A Polícia Civil apreendeu uma lista com apelidos de 17 estudantes que integravam um grupo criado nos moldes de facções criminosas dentro da Escola Estadual Carlos Hugueney, em Alto Araguaia (415 km de Cuiabá). A anotação, apreendida no dia 24 de julho, trazia o lema do grupo: “A gente mata ou morre”, e incluía nomes como “capetinha”, “criminosa” e “quebra osso”.
De acordo com o delegado Marcos Paulo Batista de Oliveira, o grupo foi criado com o objetivo de “impor poder na escola” e adotava práticas comuns de organizações criminosas, como o uso de apelidos para dificultar a identificação das integrantes.
Vídeos obtidos pela polícia mostram agressões graves, inclusive contra um estudante vítima de bullying motivado por sua orientação sexual.

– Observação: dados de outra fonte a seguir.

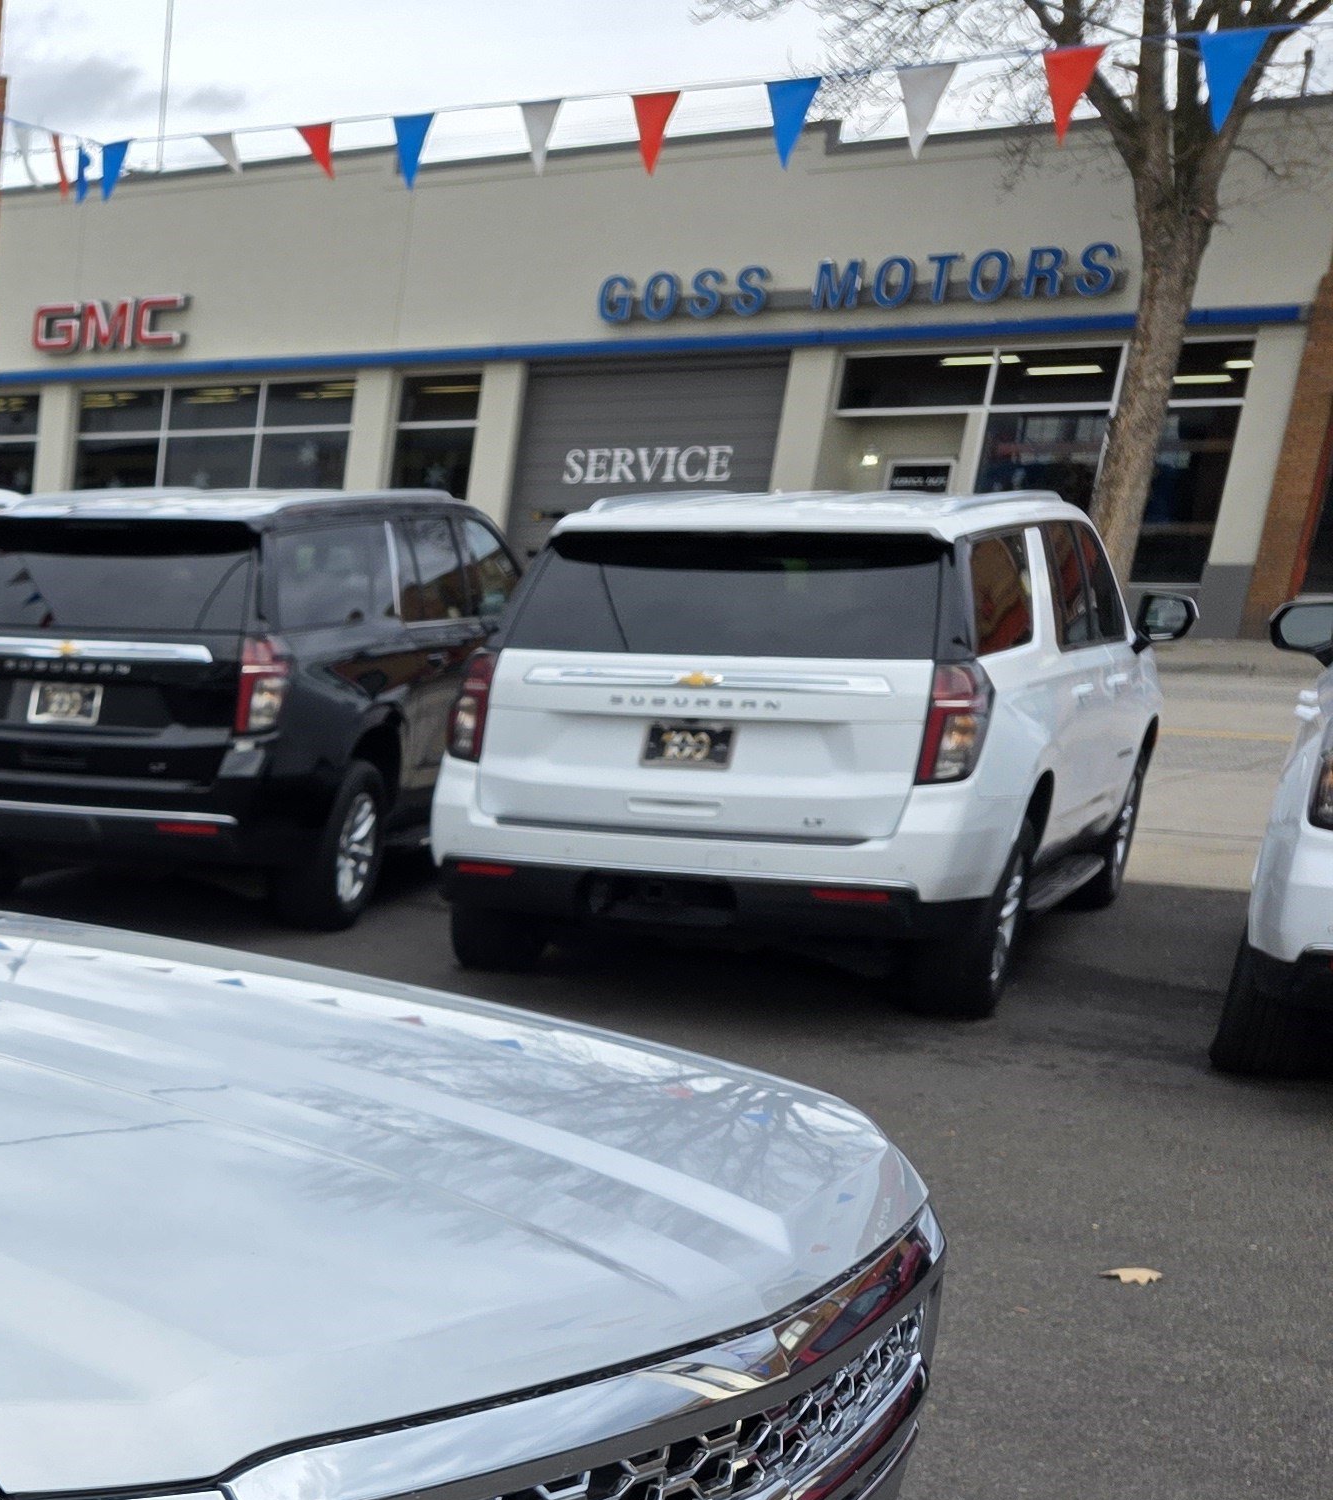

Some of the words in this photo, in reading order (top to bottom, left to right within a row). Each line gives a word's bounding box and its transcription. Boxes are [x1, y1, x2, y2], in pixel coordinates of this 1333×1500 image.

[597, 265, 771, 324] GOSS
[811, 241, 1120, 312] MOTORS
[30, 293, 186, 352] GMC
[562, 445, 734, 485] SERVICE
[610, 694, 781, 710] SUBURBAN
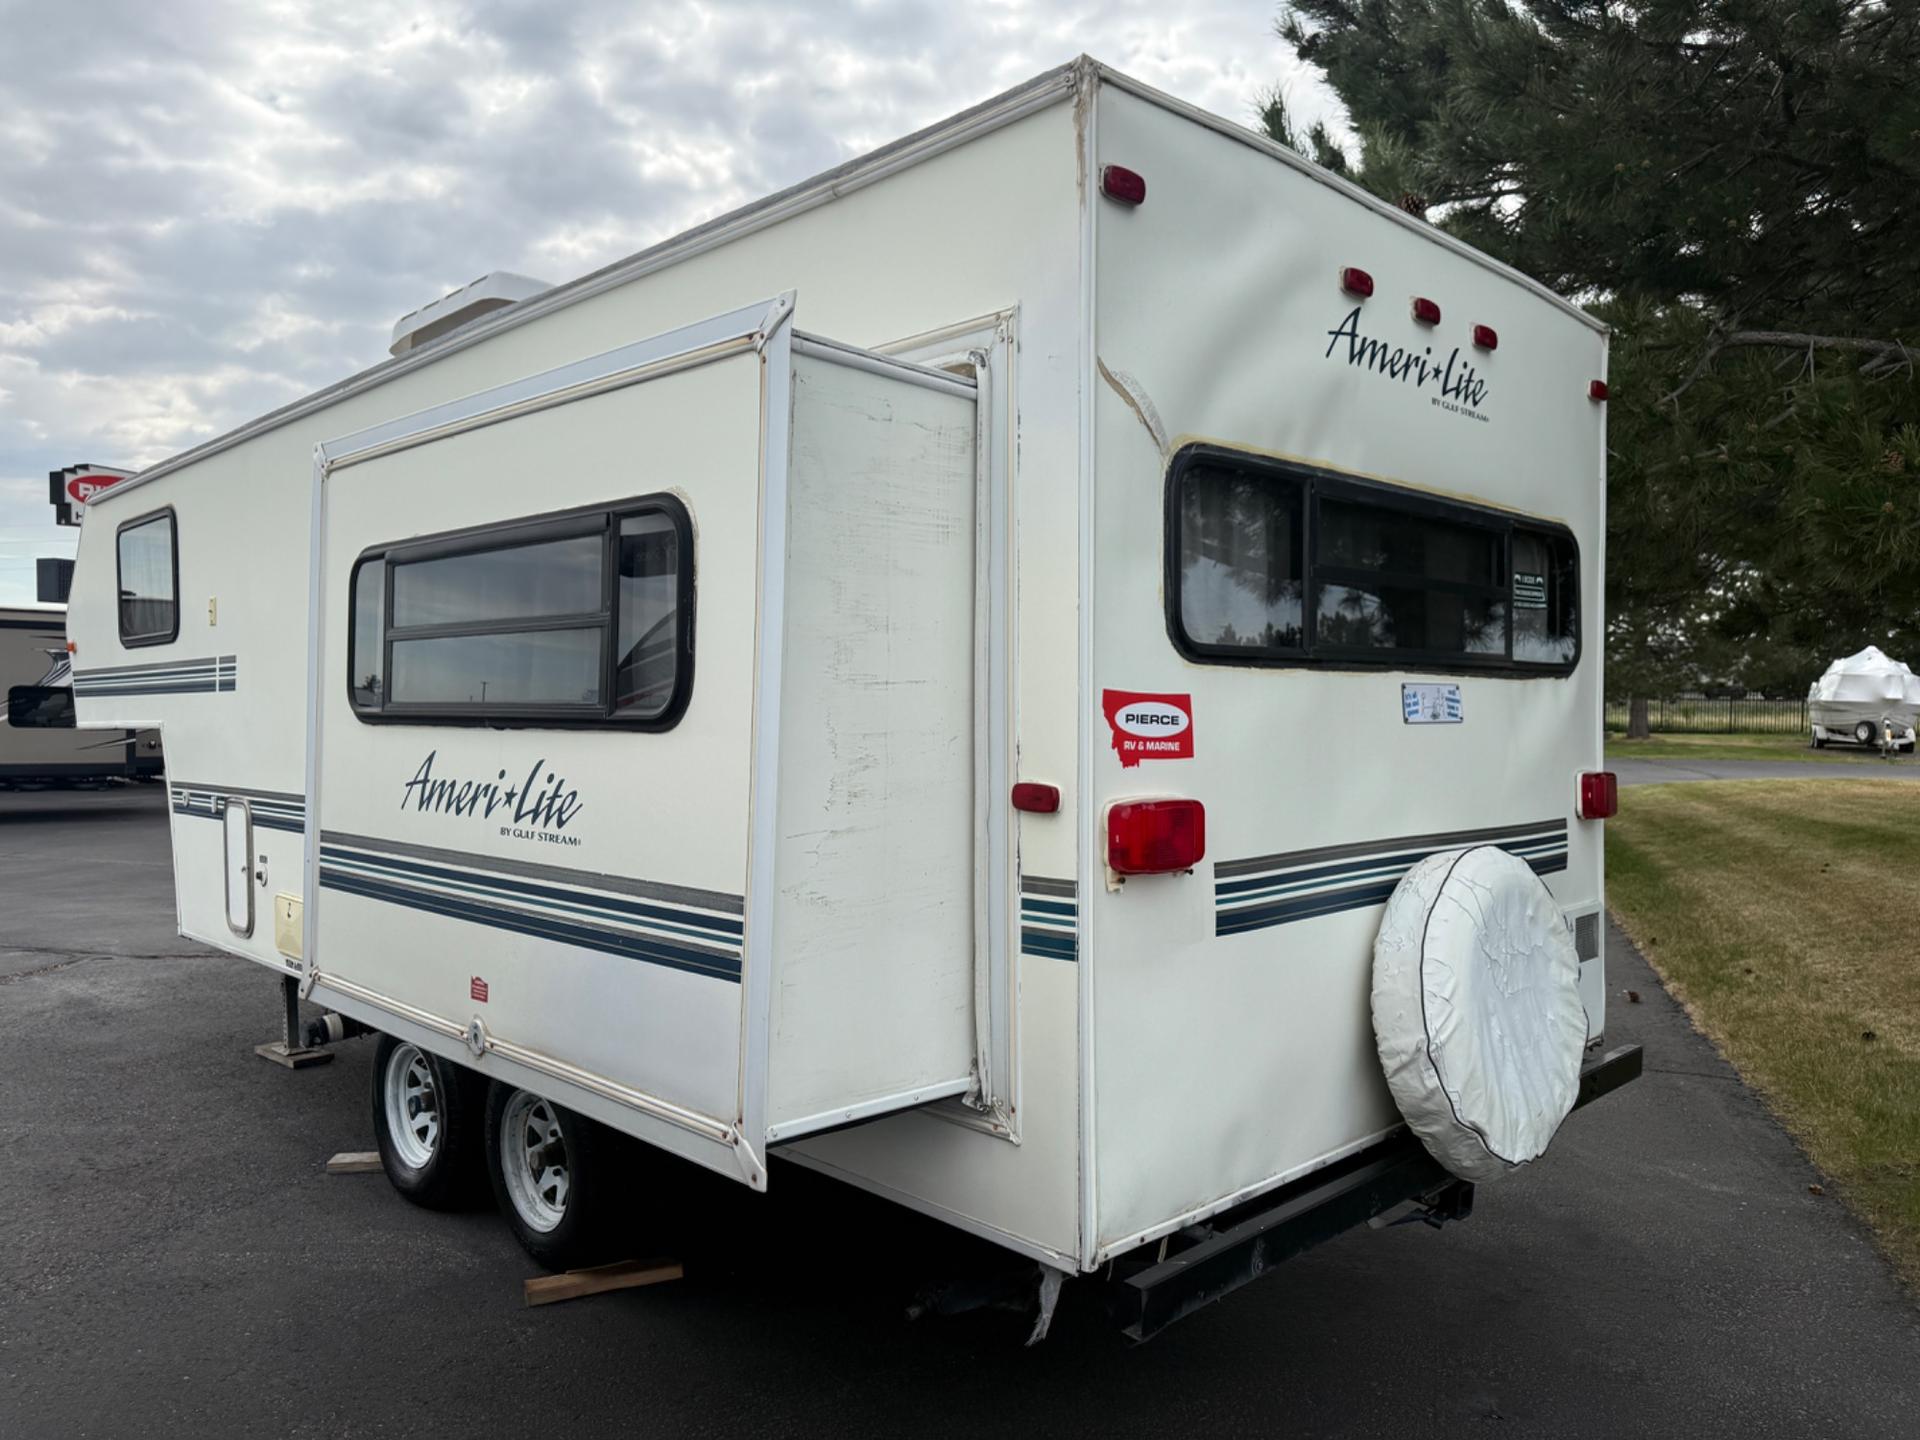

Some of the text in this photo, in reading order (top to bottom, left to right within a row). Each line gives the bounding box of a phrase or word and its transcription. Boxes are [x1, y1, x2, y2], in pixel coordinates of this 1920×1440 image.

O caso mais grave envolveu a agressão brutal de uma aluna de 12 anos, que teria descumprido regras do grupo. O ataque foi filmado e compartido entre as alunas por WhatsApp e Instagram, simulando um “salve”, punição típica de facções.
Três das quatro adolescentes envolvidas na agressão foram internadas por determinação da Justiça; a quarta, de 11 anos, não pôde ser responsabilizada por impedimento legal.